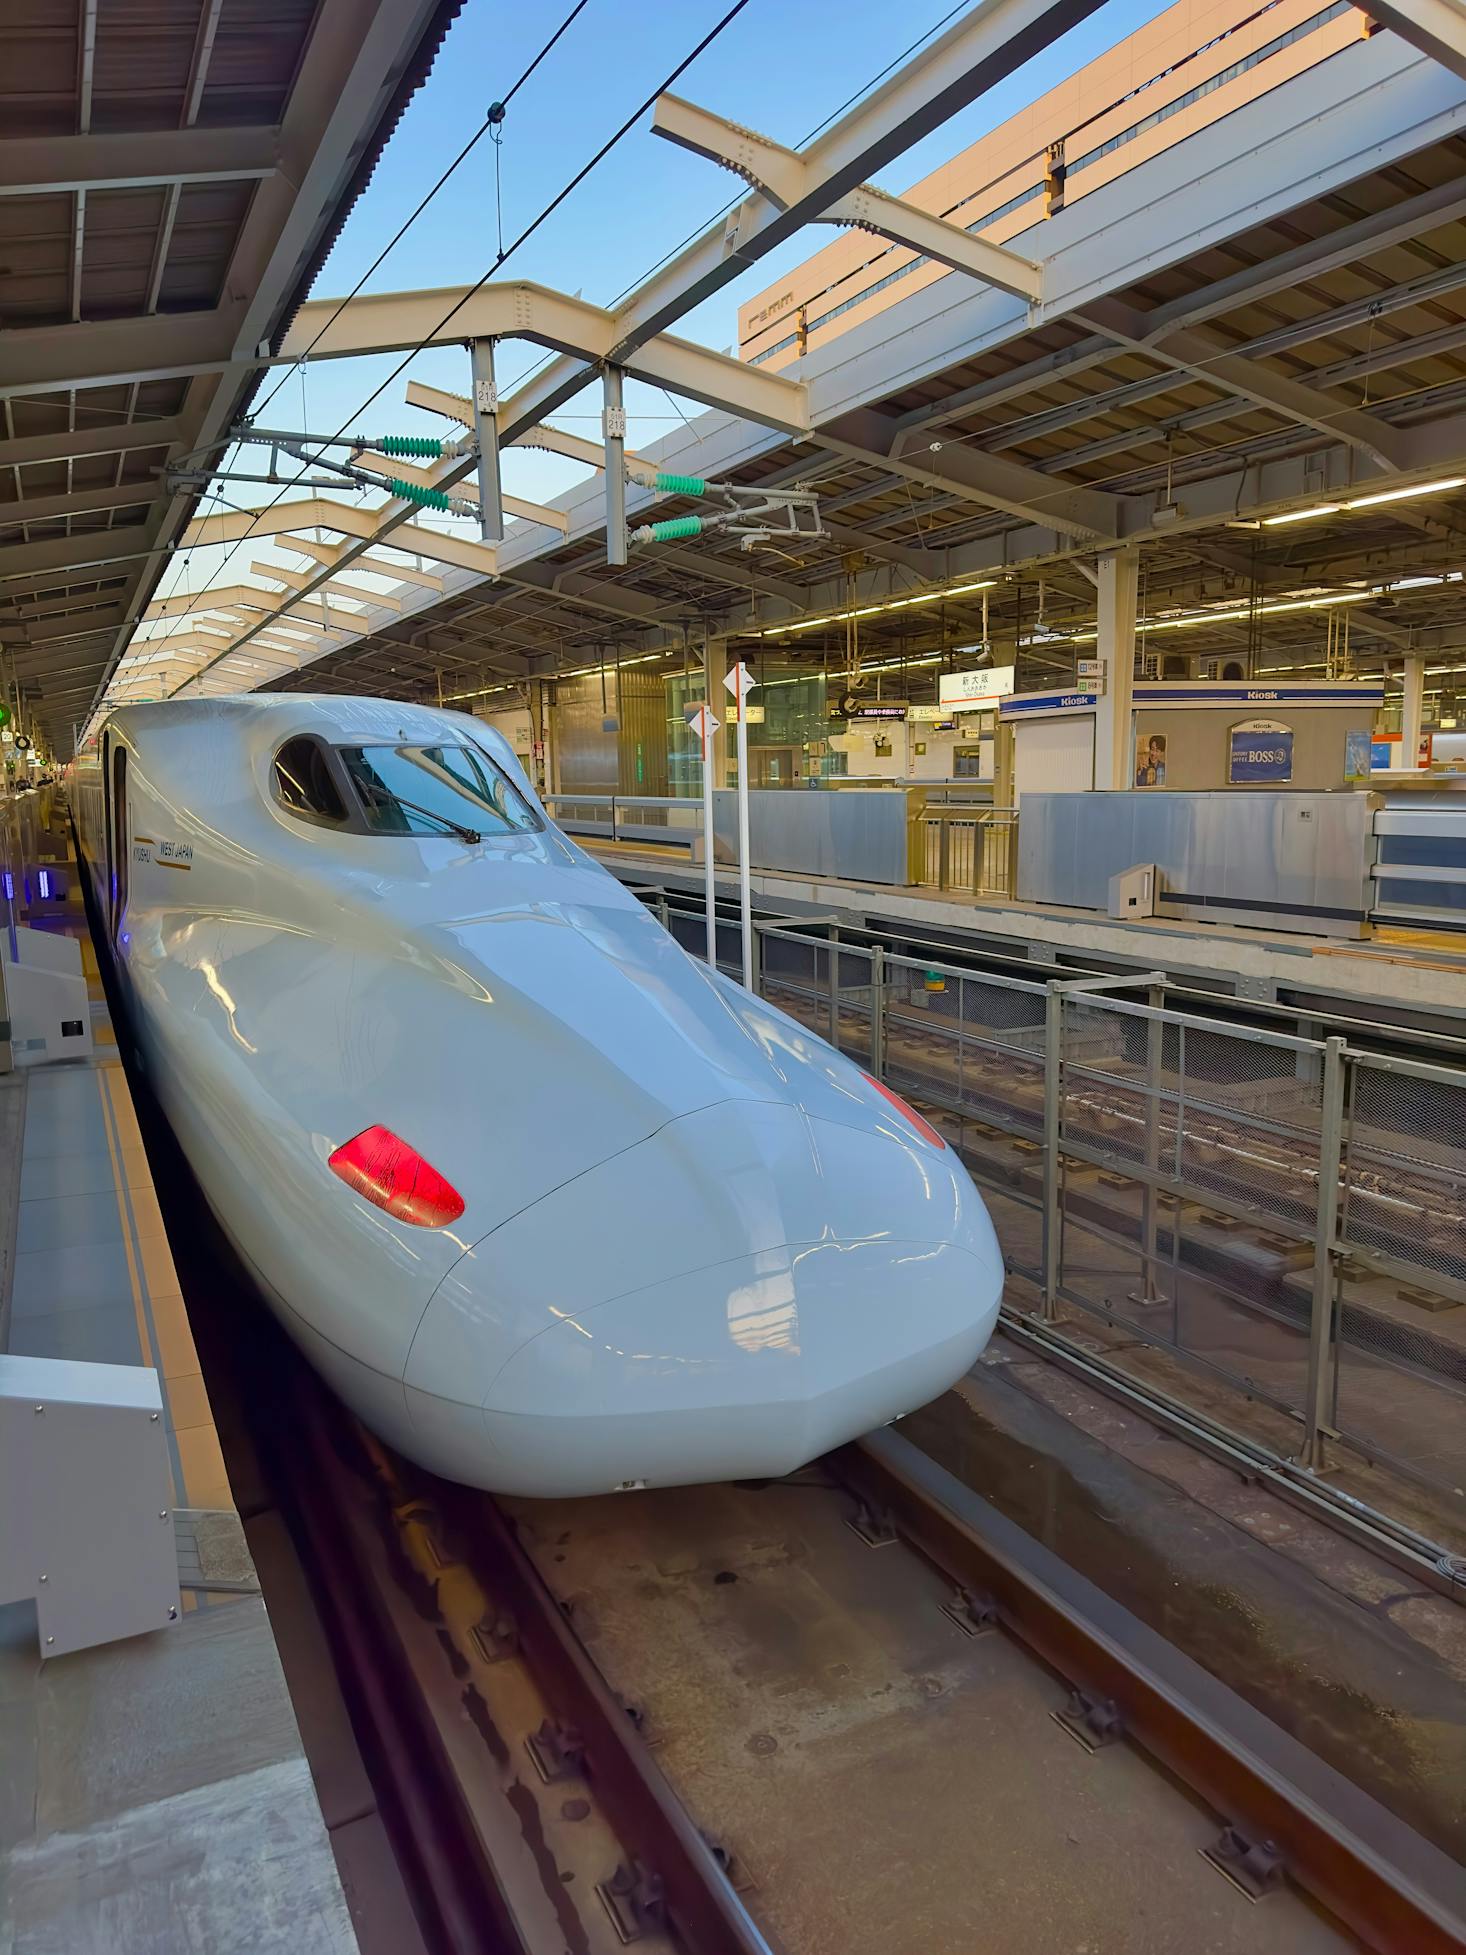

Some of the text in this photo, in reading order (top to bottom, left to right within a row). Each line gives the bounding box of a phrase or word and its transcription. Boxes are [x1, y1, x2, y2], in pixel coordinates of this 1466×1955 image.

[748, 291, 793, 329] remm
[478, 391, 496, 402] 218
[608, 419, 625, 430] 218
[1247, 691, 1278, 699] Kiosk
[1061, 696, 1088, 706] Kiosk
[1248, 751, 1274, 763] BOSS
[160, 841, 193, 860] WEST JAPAN
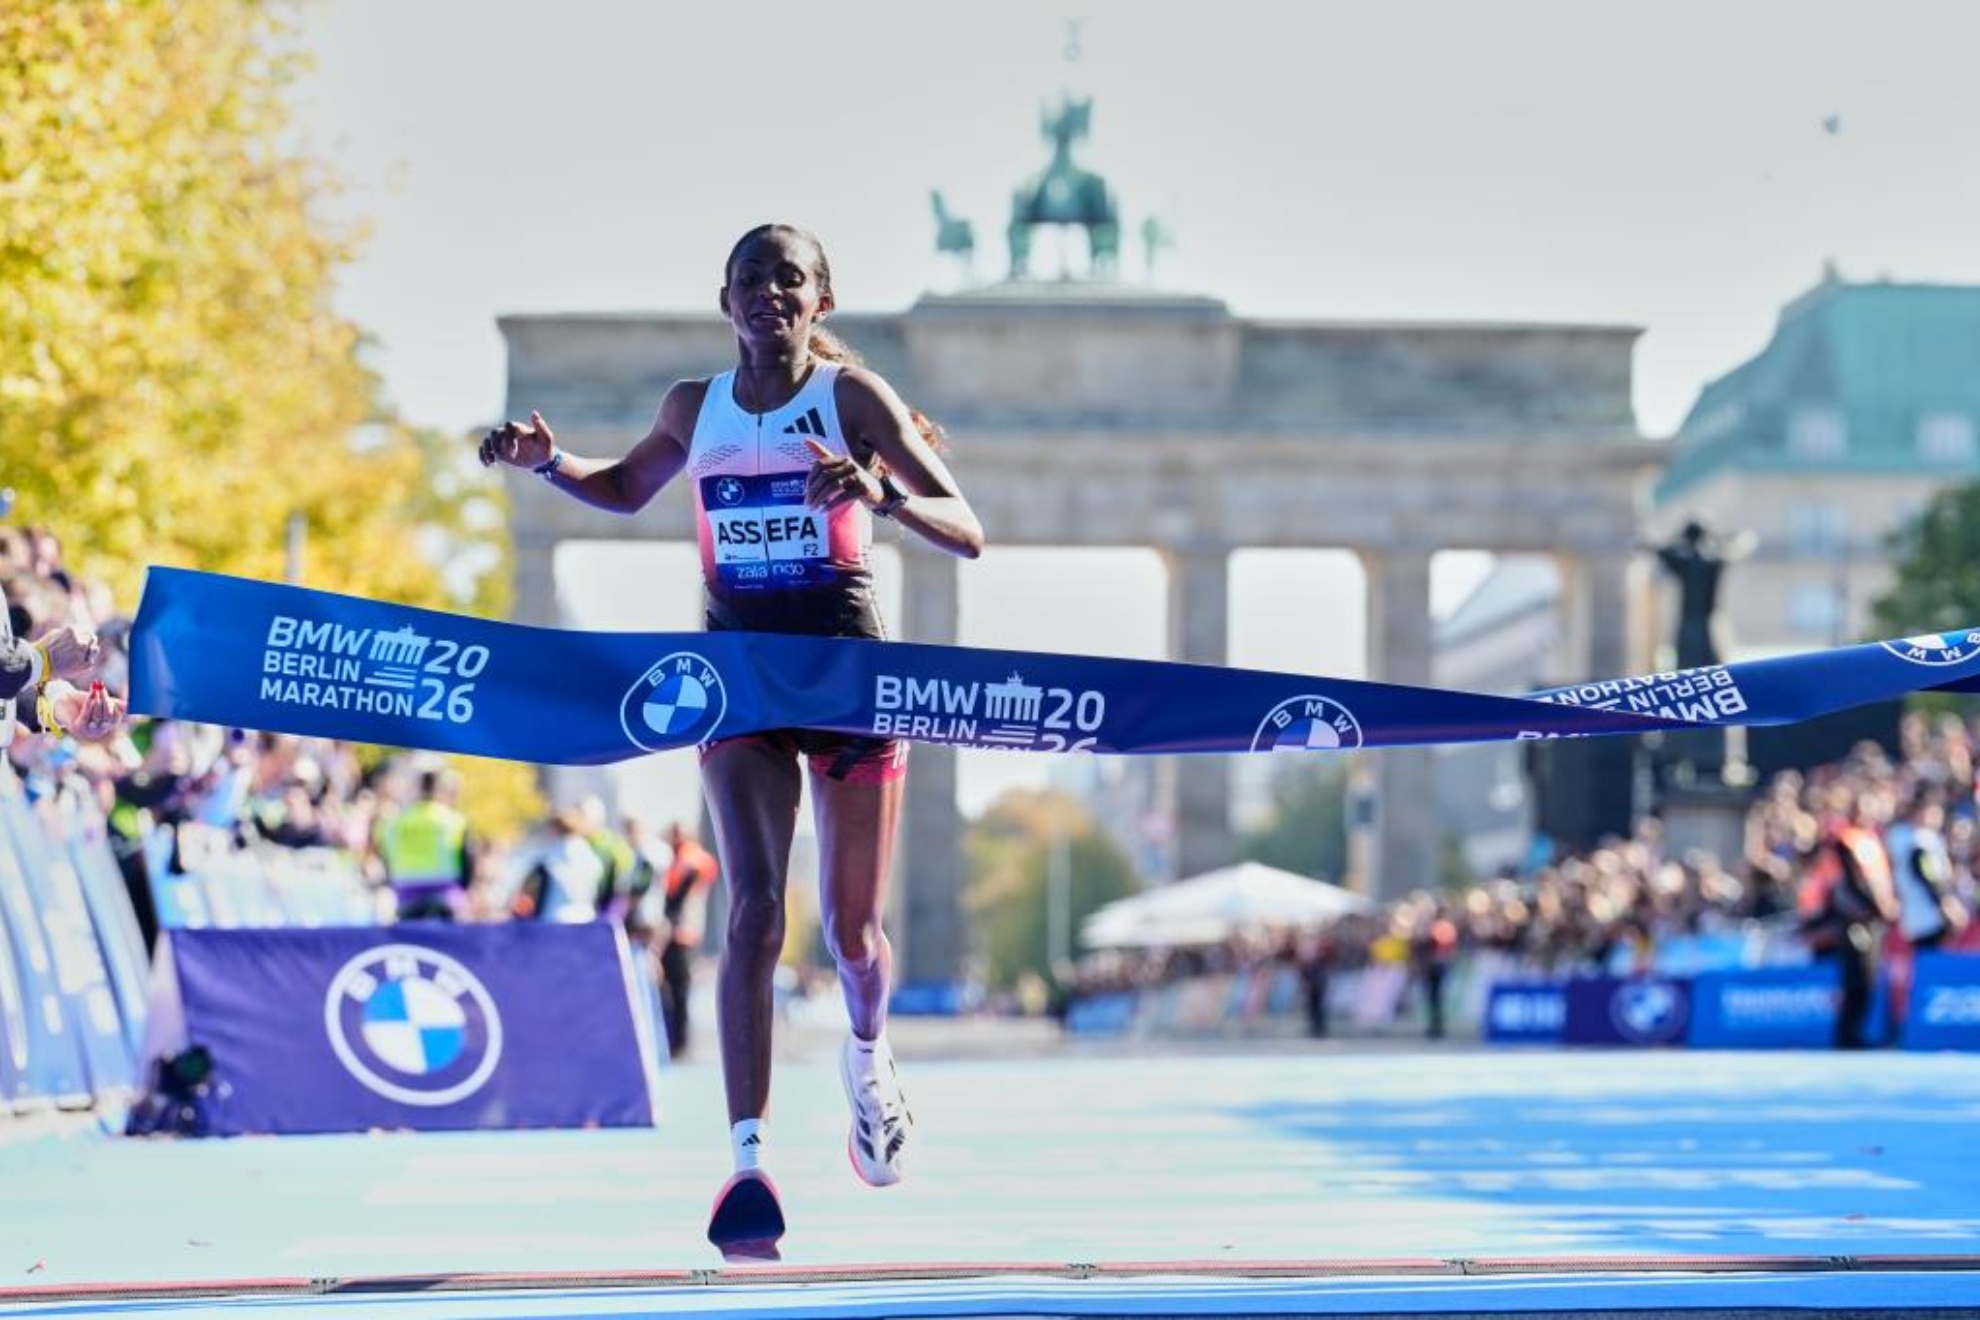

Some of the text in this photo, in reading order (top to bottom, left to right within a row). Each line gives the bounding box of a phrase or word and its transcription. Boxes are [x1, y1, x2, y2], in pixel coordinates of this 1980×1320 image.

==================================================

→ WHAT THE TASK REQUIRES
With the pictures left aside, write out all of the records above exactly.

→ PROBLEM SOLUTION
Some of the text in this photo, in reading order (top to bottom, left to right within a row). Each line gives the bounding box of a phrase or word and its transcription. Boxes are [x1, y1, x2, y2], in pixel coordinates of this 1466×1955 image.

[748, 291, 793, 329] remm
[478, 391, 496, 402] 218
[608, 419, 625, 430] 218
[1247, 691, 1278, 699] Kiosk
[1061, 696, 1088, 706] Kiosk
[1248, 751, 1274, 763] BOSS
[160, 841, 193, 860] WEST JAPAN

Some of the text in this photo, in reading order (top to bottom, left to right within a row). Each line gives the bounding box of a phrase or word and its transcription. Boxes are [x1, y1, x2, y2], in pixel coordinates of this 1980×1320 image.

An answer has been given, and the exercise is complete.